I'll admit that my dominant Se always gets in the way of my more intellectual pursuits because I lose interest fast enough to learn everything about something. I like knowledge as long as it is easy to assimilate. Things like quick facts, trivia .. I like to know what's up with the latest in science. I like to learn for learning's sake, but I have my limits because the methods of teaching are pretty much antithetical to my innate fidgety nature. 

A lot of people consider me an intellectual but I know I'm not one. I just have a database of knowledge that I've gained over the years which I'm good at accessing when it comes to having something to say in a conversation.


----------



## dizzycactus (Sep 9, 2012)

I would say Ti is more naturally suited to things generally considered intellectual like philosophy, formal logic etc, although Ni is often more useful in every day life and quickly producing an algorithm to solve a particular problem, so I'd say Ti is more academically intellectual, and Ni is more street-smart.


----------



## Aiwass (Jul 28, 2014)

"Intellectual" as in being stereotypically nerdy, categorical, rational and systematic? Yes, that would be Ti. 

Intellectual as in being a complex, innovative thinker? That could be Ni. The history of Western thought and science owes to people like Nietzsche and Jung at least as much as it owes to Ti doms like Descartes.

(However, as someone already pointed out, there is a difference between being an intellectual and being intelligent. Someone could easily be a not-very-bright nerd. Someone could be very intelligent and not academically-focused at all.)


----------



## Bastard (Feb 4, 2018)

dizzycactus said:


> Ni is more street-smart.


You're kidding, right?


----------



## Moo Rice (Apr 9, 2018)

dizzycactus said:


> I would say Ti is more naturally suited to things generally considered intellectual like philosophy, formal logic etc, although Ni is often more useful in every day life and quickly producing an algorithm to solve a particular problem, so I'd say Ti is more academically intellectual, and Ni is more street-smart.


that's strange... i have always associated "street-smart" to be an extroverted thing (mostly perception), not introverted '-'


----------



## dizzycactus (Sep 9, 2012)

Moo Rice said:


> that's strange... i have always associated "street-smart" to be an extroverted thing (mostly perception), not introverted '-'


That's because being street smart is about getting tangible results based on immediate data, and associating that with someone who's primary mode of attention deals directly with the external generally makes sense, but that doesn't mean it applies to every function. Ni tends to be more focused and convergent than Ne, and likes to finish things. That tends to get results. Ne is sporadic and all over the place, which isn't very practical most of the time, but can be useful academically.
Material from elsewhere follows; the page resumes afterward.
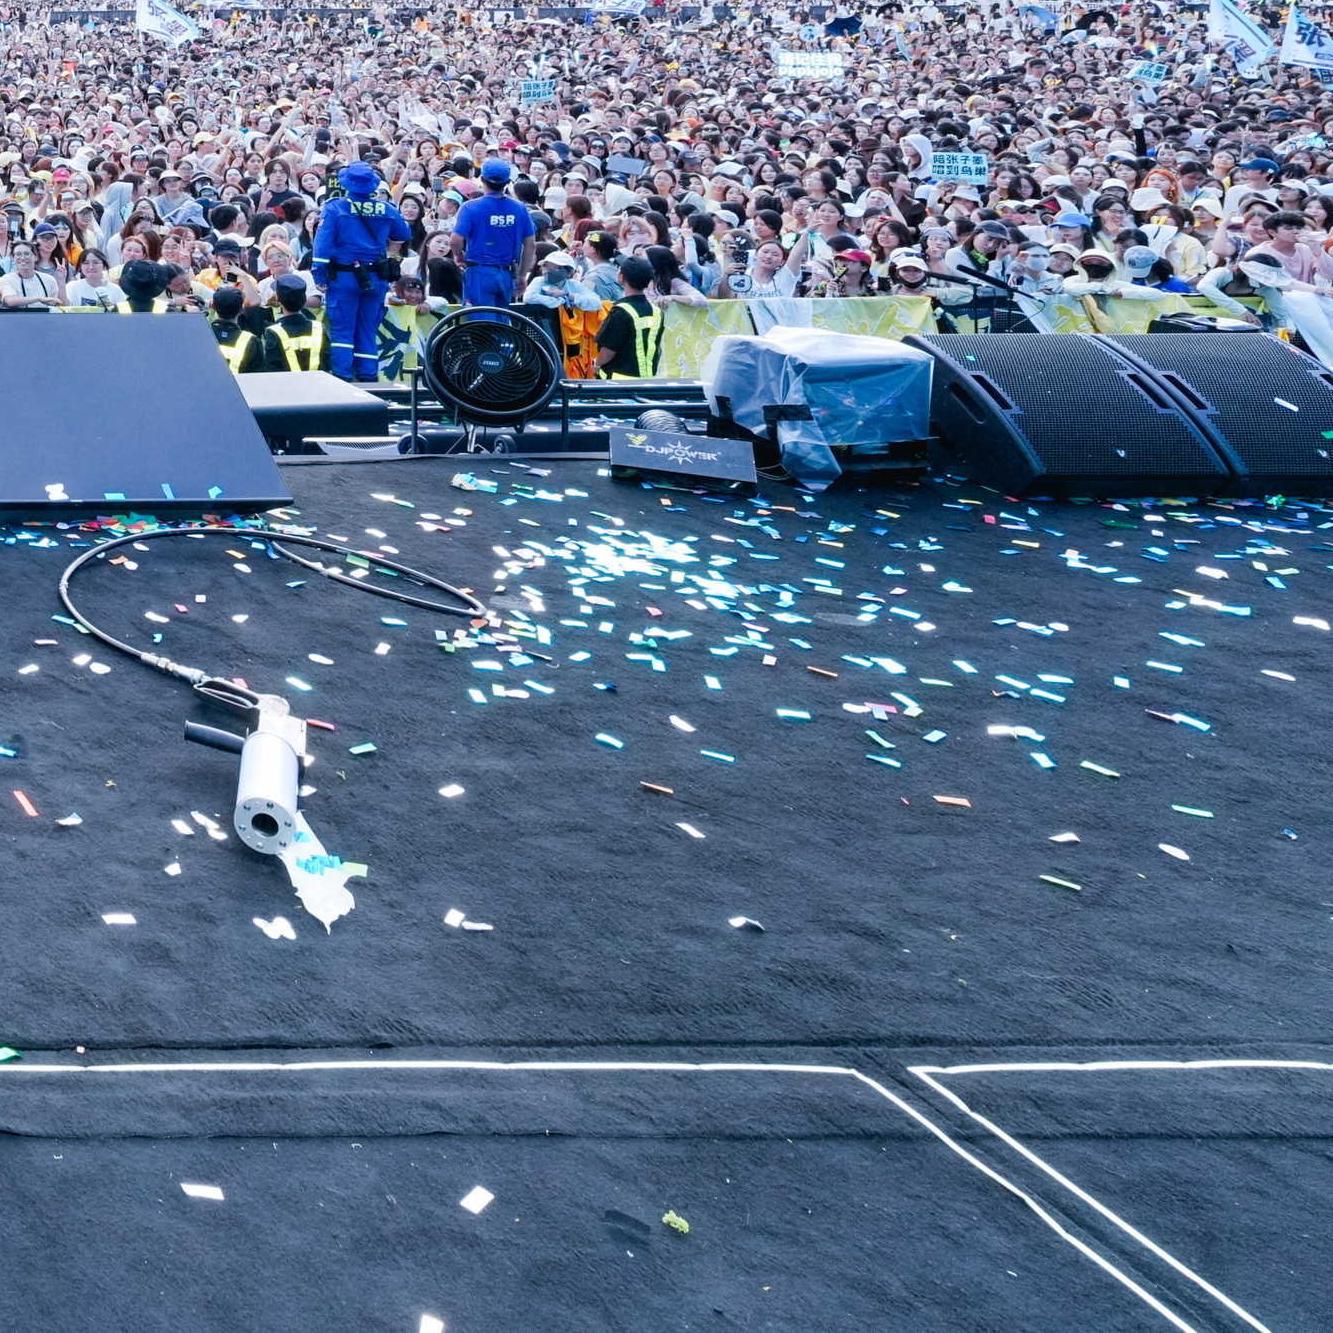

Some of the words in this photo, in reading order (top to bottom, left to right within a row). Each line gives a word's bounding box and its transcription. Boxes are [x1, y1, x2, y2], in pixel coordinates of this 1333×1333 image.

I'd certainly say the two most street smart functions are Se and Te, maybe followed by Si, and I guess the F functions are good for dealing with people.


----------



## Moo Rice (Apr 9, 2018)

dizzycactus said:


> That's because being street smart is about getting tangible results based on immediate data, and associating that with someone who's primary mode of attention deals directly with the external generally makes sense, but that doesn't mean it applies to every function. Ni tends to be more focused and convergent than Ne, and likes to finish things. That tends to get results. Ne is sporadic and all over the place, which isn't very practical most of the time, but can be useful academically.
> 
> I'd certainly say the two most street smart functions are Se and Te, maybe followed by Si, and I guess the F functions are good for dealing with people.
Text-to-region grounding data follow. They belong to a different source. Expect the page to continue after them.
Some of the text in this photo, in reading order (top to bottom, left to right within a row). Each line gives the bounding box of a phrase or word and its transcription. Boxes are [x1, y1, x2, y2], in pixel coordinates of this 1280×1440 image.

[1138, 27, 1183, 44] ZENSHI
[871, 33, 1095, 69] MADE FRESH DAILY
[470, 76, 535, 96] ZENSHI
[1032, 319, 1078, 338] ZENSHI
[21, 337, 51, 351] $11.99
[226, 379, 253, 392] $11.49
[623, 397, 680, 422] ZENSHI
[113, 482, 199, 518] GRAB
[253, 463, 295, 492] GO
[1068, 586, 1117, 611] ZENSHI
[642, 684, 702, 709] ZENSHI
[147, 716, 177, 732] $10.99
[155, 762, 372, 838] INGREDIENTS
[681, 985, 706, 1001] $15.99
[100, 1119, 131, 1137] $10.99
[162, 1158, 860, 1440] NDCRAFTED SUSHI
oh, i get it now. thanks for explaining it


----------



## Super Luigi (Dec 1, 2015)

Stevester said:


> Oh FFS....
> 
> There's nothing INTELLECTUAL about Ni, it's a PERCEIVING function. It just SEES shit.


you tell em, boss man :yeah:


----------



## Guajiro (Nov 16, 2017)

The most intelectual is the INTELECT

Please fellow Thinkers:
Understand that people who have Feeling as CONSICIOUS don't experience feelings in a confused and blurred way like you do. The feelings have a more differentiated quality wich makes the person have a more calculated approach to the feelings. The intelligence is applied to the values. If a feeler is serving a value he will apply his intelligence to the value and to formulate a rational argument to justify the value of something.
The difference is that the Thinkers spend all day thinking and defining impersonal things but at the end of the day if we ask them_ "Why do you think that is so important? What is the importance of studying this? Why is X more important than Z?"_ they become stuck and they can't answer with a mature personal reasoning about the importance of something for them. Because inferior functions are slower to process.

Also the bias that Introverted functions are for some reason superior to Extroverted functions makes no sense. And the Intuition worship is just too old.
It's just that.


----------



## BigApplePi (Dec 1, 2011)

Alivingobituary42 said:


> In the MBTI community, Ti and Ni are highly regarded as functions for high intelligence. I've been wondering, however, on which function is the most intellectual: Ti or Ni?
> 
> (Concise and to-the-point).


Intellectual? What is intellectual? If yer gonna think about stuff rather than feel about stuff, go for thinking. However any thinking is going to require intuition for support. The question reminds me of asking about visualizing a square. Which side is longer, the depth or the width? I'm not sure I care about the answer. I see Tx and Nx operating in different dimensions.


----------



## PlasticRenaissance (Jun 28, 2017)

_we may have the best legs 
,but if we don't learn how to walk 
,we cannot run_


----------



## Wohpe (Aug 25, 2018)

Stevester said:


> Oh FFS....
> 
> There's nothing INTELLECTUAL about Ni, it's a PERCEIVING function. It just SEES shit.


That's what I said to myself when I read the thread title. Ti and Te are the intellectual judging functions, so either one of them would obviously win this competition.


----------



## Stevester (Feb 28, 2016)

But tons of people here think Ni makes you a real life X-Men, so no point arguing.


----------



## Handsome Dyke (Oct 4, 2012)

Intellectualness is a quality of a more comprehensive set of mental functions, not of individual cognitive functions.


----------



## Zidane (Sep 9, 2015)

Intuition isn't intellectual. It's knowing with a high degree of certainty, like flashes of insight. So that makes Ti the intellectual function. Though it only becomes really intellectual when combined with intuition so you can really start to break down your often irrational intuitions into more sensible explanations. Whereas combined with sensing it generally expresses in figuring out how sensory objects work, hence ISTP is often called "the mechanic". So yeah, I'd say what you regard as "intellectual" requires a combined use of T and N, hence why the NT group is also called the "rationals". Though I'd again say that the rationals who lead with T over N are more intellectual than those with dominant N, who are better said to be irrational rationals, even though that sounds like a contradiction. It's because the T can never keep up with the N, and hence visionary describes us far better than intellectual.

So for this reason, the most intellectual type is:
Ti
Ne

This can be either INTP or INTJ depending on the function model you subscribe too.

(Also keep in mind that everyone has all functions so just because you're not INTx doesn't mean you can't intellectualize.)


----------



## Stevester (Feb 28, 2016)

Another argument to pile on this bull........if Ni and Ti are the _''smart''_ functions, then how come ISTPs are never ever brought up as the smartest type around here?


----------



## Super Luigi (Dec 1, 2015)

all the functions are annoying, lol


----------